§ Exercise requirements:
Copy the lines word for word. Begin at the line that contains "Some of the text" and end with the final line of the data.

§ Stored items from a collection:
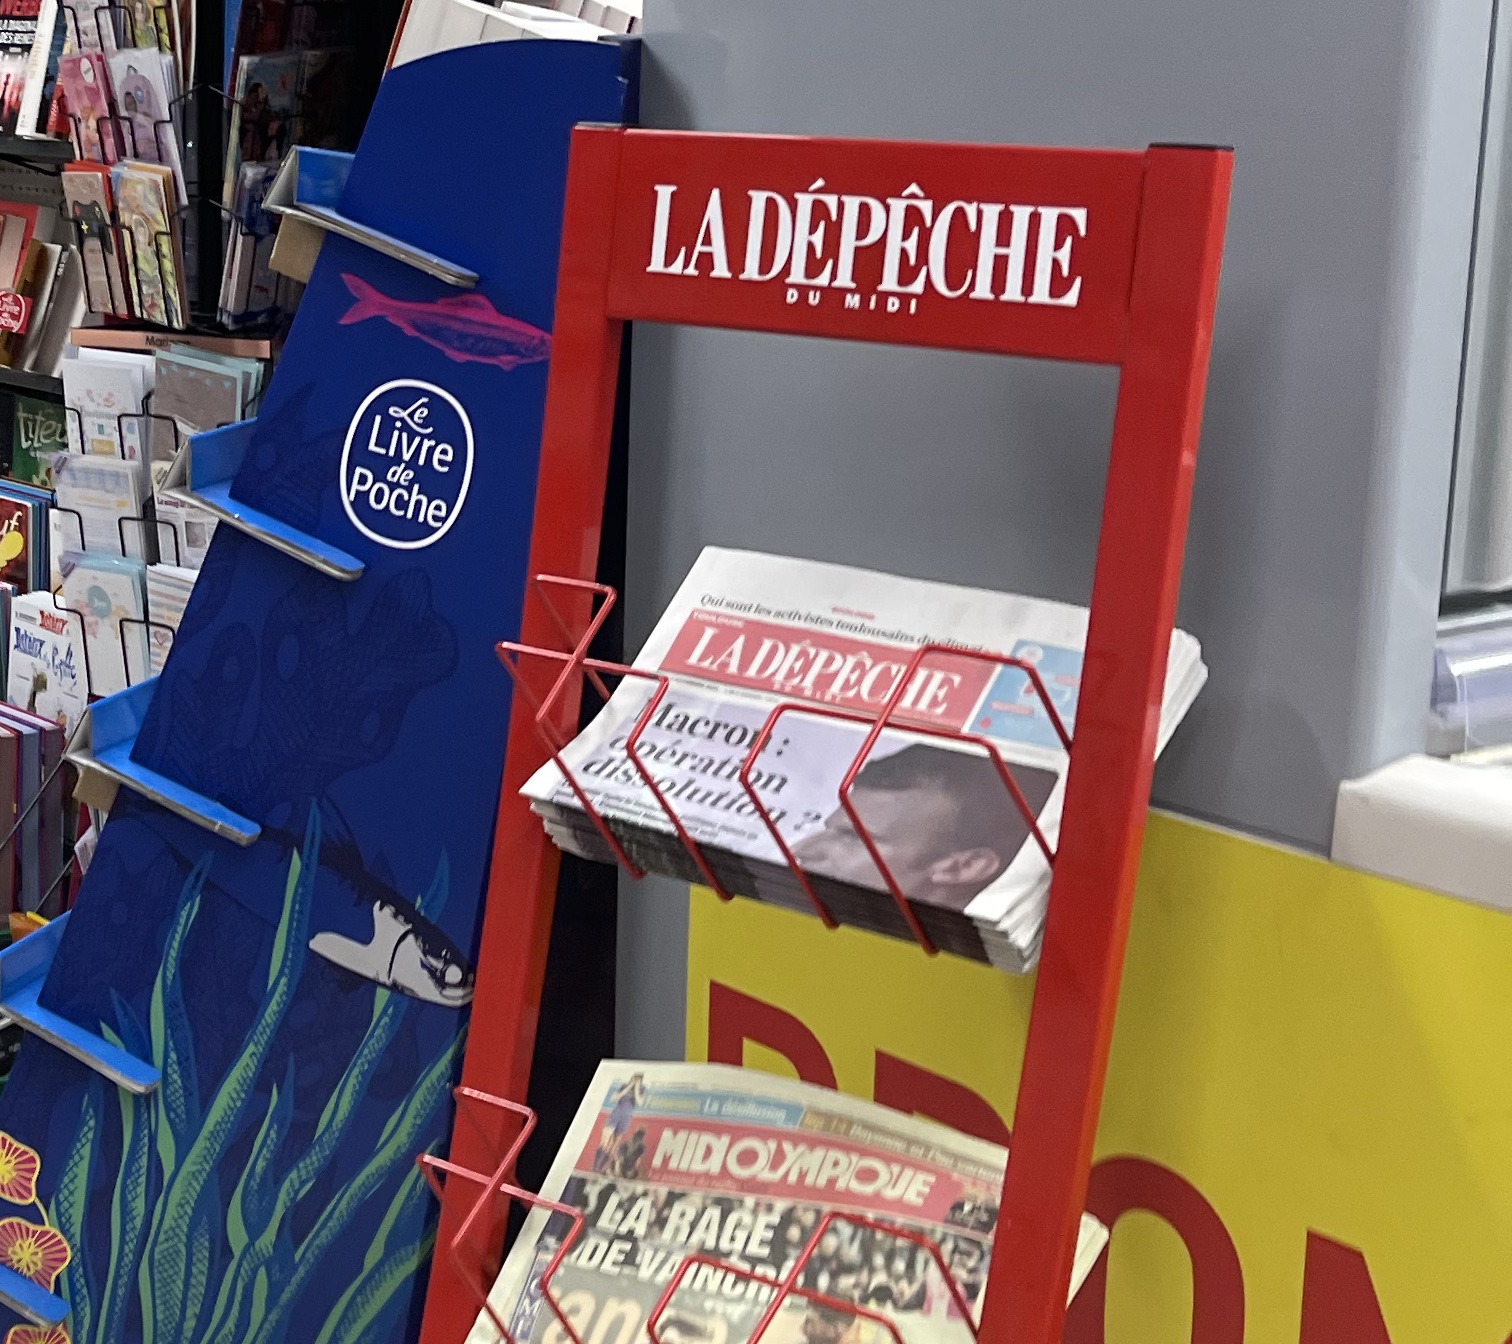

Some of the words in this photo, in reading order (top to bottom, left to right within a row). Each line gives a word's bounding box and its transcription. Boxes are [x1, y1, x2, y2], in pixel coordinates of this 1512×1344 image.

[738, 177, 1088, 308] DÉPÊCHE
[785, 287, 822, 307] DU
[844, 291, 918, 316] MIDI
[16, 402, 69, 450] titeu
[367, 414, 455, 473] Livre
[388, 397, 434, 434] Le
[348, 466, 448, 529] Poche
[386, 463, 415, 487] de
[582, 756, 787, 826] dissolution
[608, 733, 789, 794] opération
[651, 1127, 733, 1177] MIDI
[726, 1137, 937, 1208] OLYMPIQUE
[595, 1192, 654, 1239] LA
[660, 1203, 782, 1258] RAGE
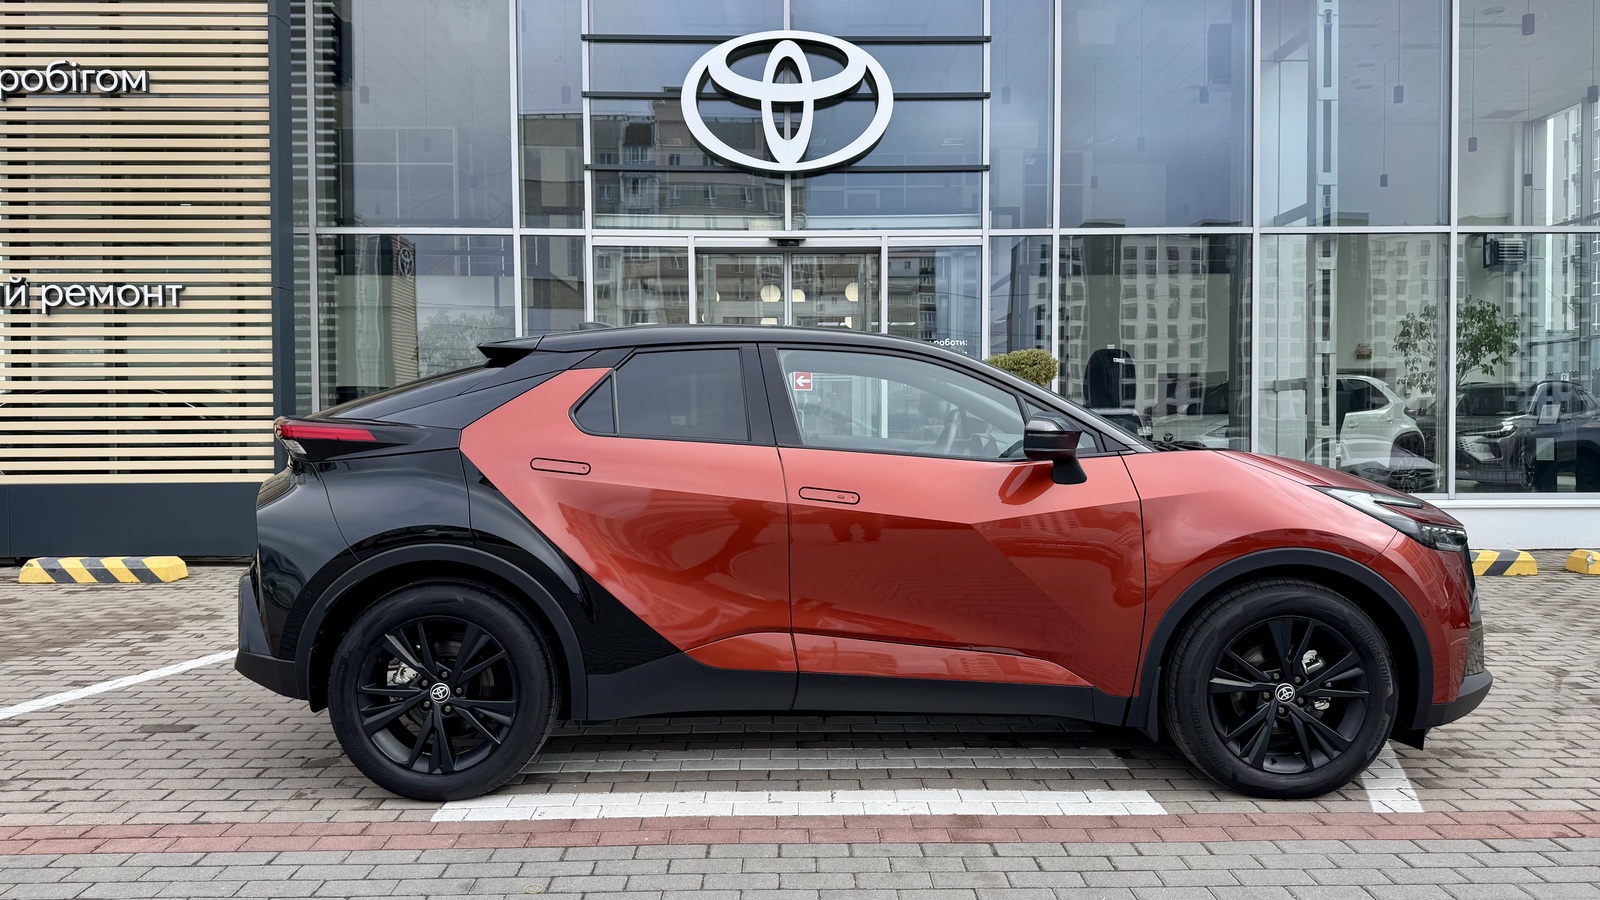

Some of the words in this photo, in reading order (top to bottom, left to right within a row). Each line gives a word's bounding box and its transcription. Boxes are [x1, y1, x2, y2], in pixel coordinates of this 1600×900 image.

[0, 60, 148, 100] робігом
[41, 283, 184, 315] ремонт
[1354, 622, 1391, 688] BRIDGESTONE
[1189, 704, 1227, 769] BRIDGESTONE
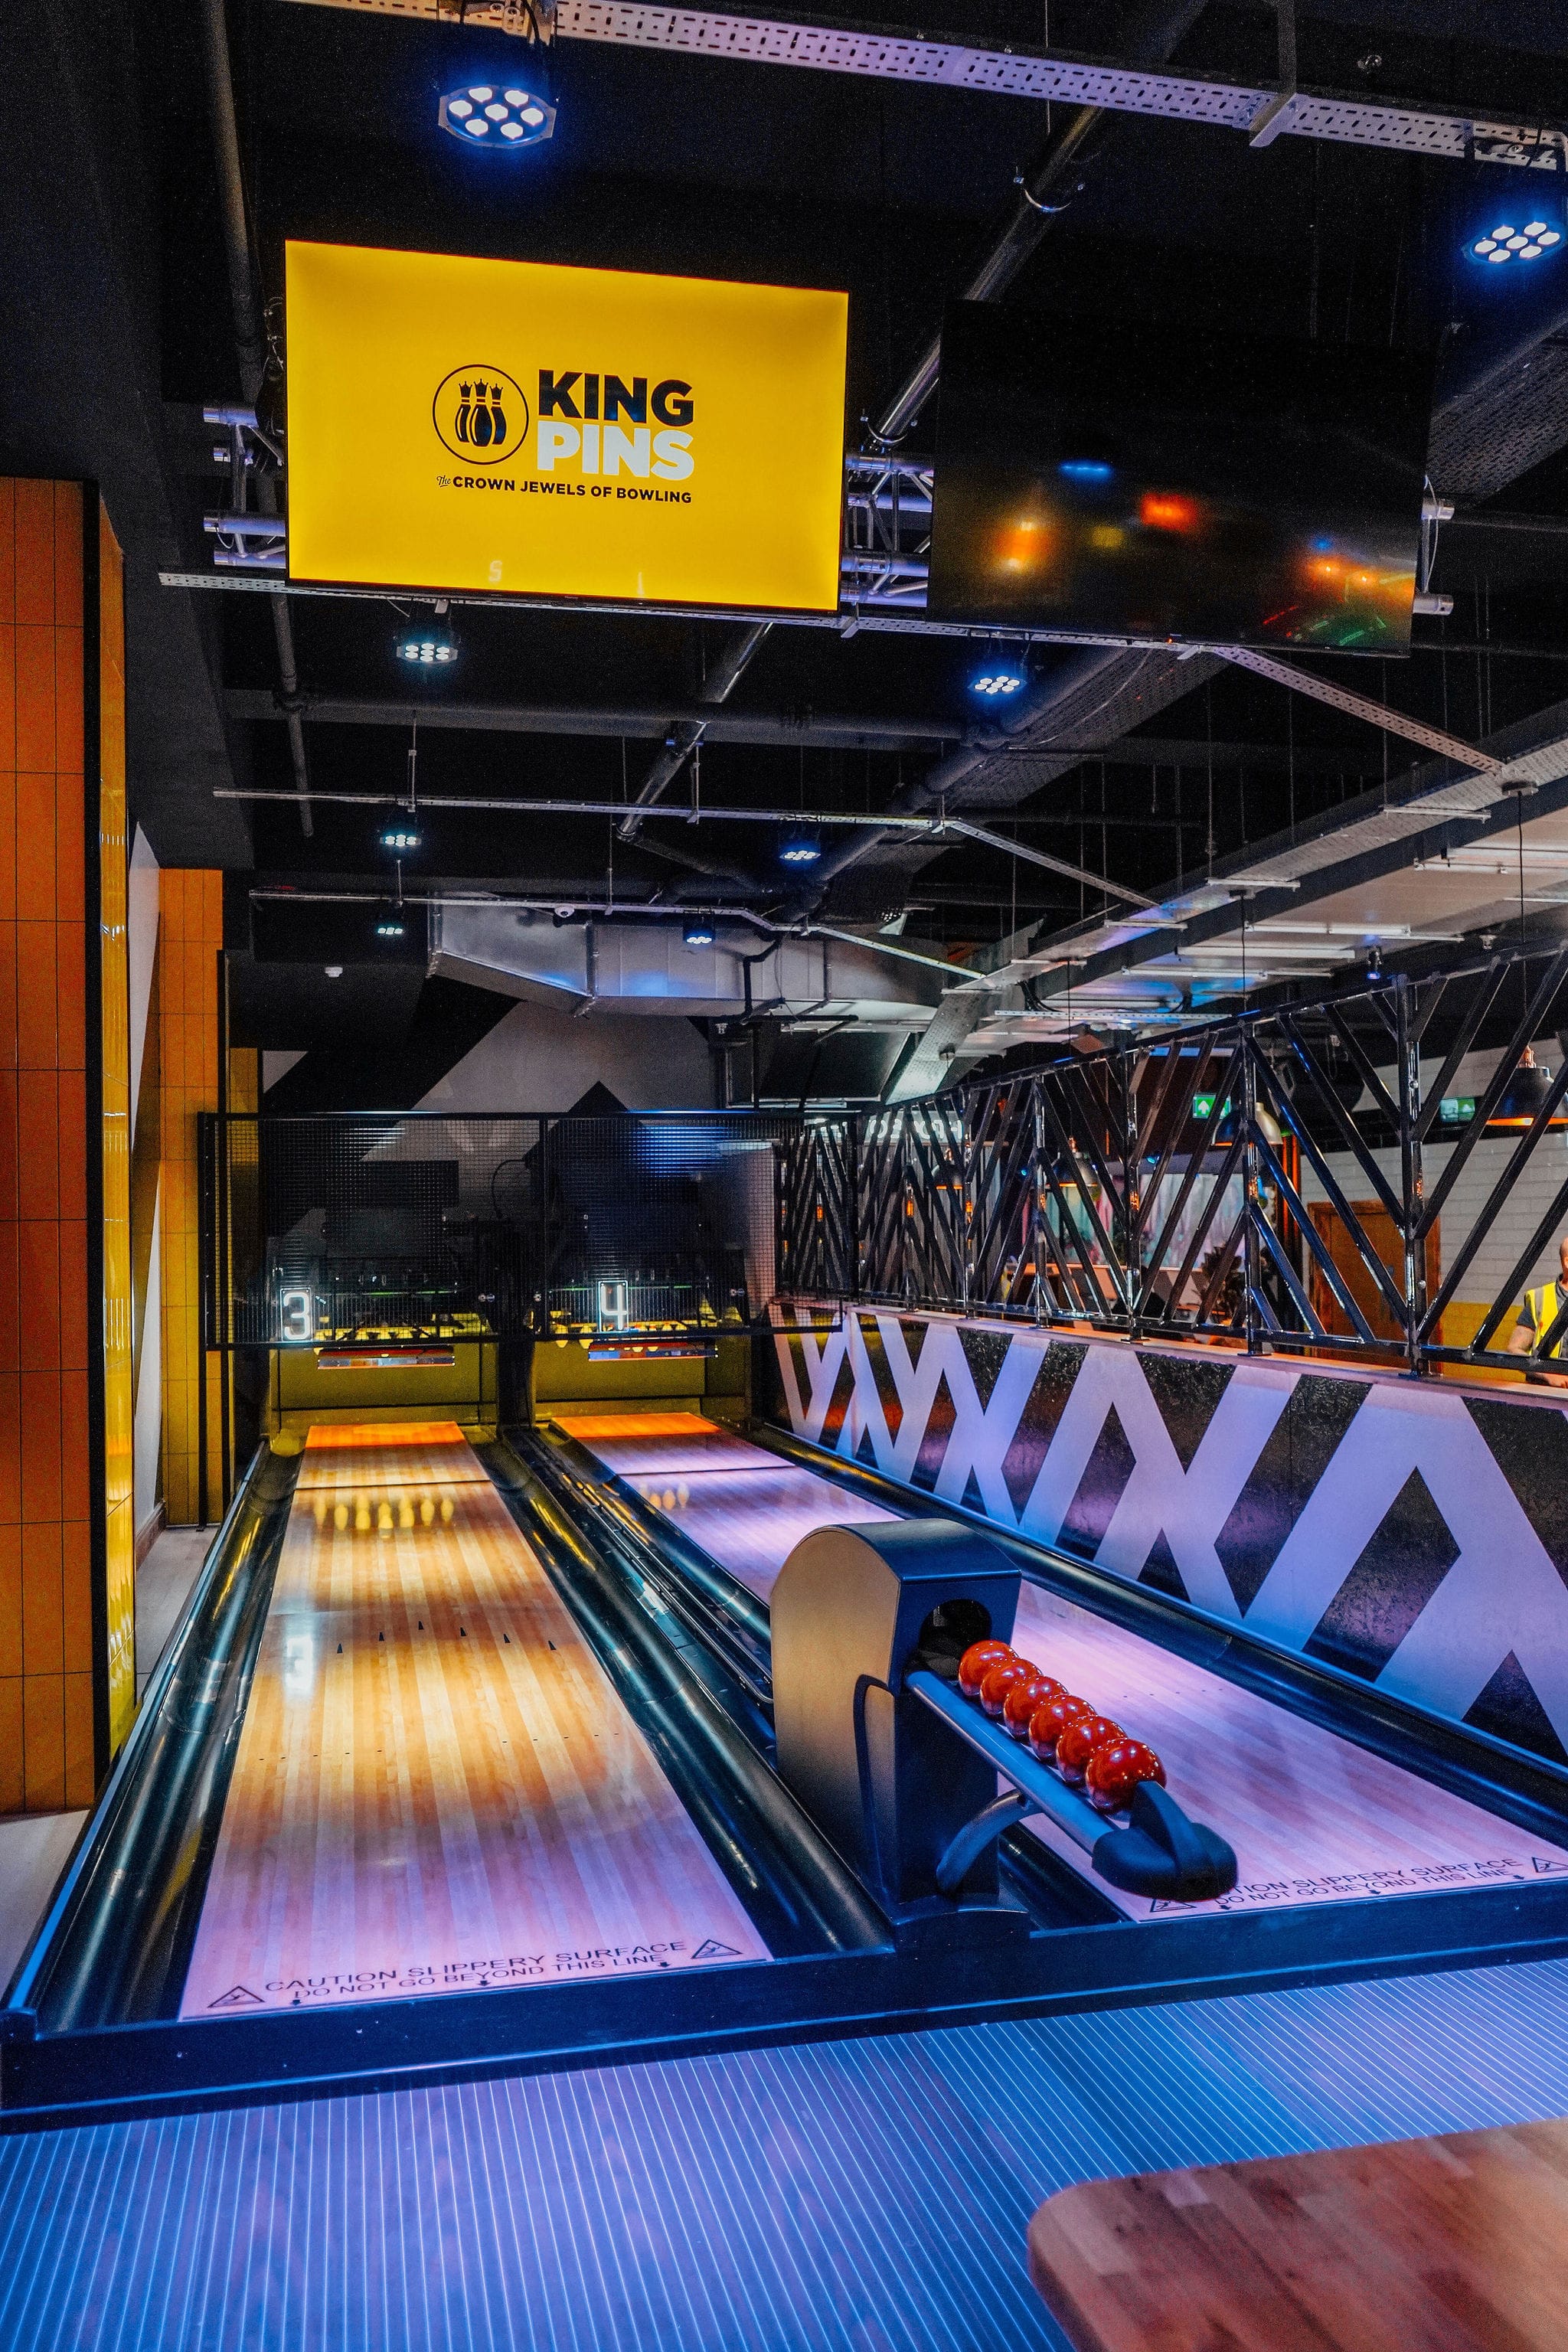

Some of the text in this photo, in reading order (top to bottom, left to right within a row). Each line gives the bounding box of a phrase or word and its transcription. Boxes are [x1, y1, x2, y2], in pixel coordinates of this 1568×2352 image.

[538, 368, 694, 427] KING
[537, 420, 695, 481] PINS
[436, 475, 692, 503] The CROWN JEWELS OF BOWLING
[283, 1292, 310, 1341] 3
[601, 1285, 628, 1331] 4
[1214, 1869, 1514, 1905] DO NOT GO BEYOND THIS LINE
[1224, 1858, 1524, 1896] TION SLIPPERY SURFACE
[266, 1941, 688, 1991] CAUTION SLIPPERY SURFACE
[294, 1955, 666, 1998] DO NOT GO BEYOND THIS LINE

§ Answer section:
Some of the text in this photo, in reading order (top to bottom, left to right within a row). Each line gives the bounding box of a phrase or word and its transcription. Boxes are [x1, y1, x2, y2], in pixel coordinates of this 1568×2352 image.

[538, 368, 694, 427] KING
[537, 420, 695, 481] PINS
[436, 475, 692, 503] The CROWN JEWELS OF BOWLING
[283, 1292, 310, 1341] 3
[601, 1285, 628, 1331] 4
[1214, 1869, 1514, 1905] DO NOT GO BEYOND THIS LINE
[1224, 1858, 1524, 1896] TION SLIPPERY SURFACE
[266, 1941, 688, 1991] CAUTION SLIPPERY SURFACE
[294, 1955, 666, 1998] DO NOT GO BEYOND THIS LINE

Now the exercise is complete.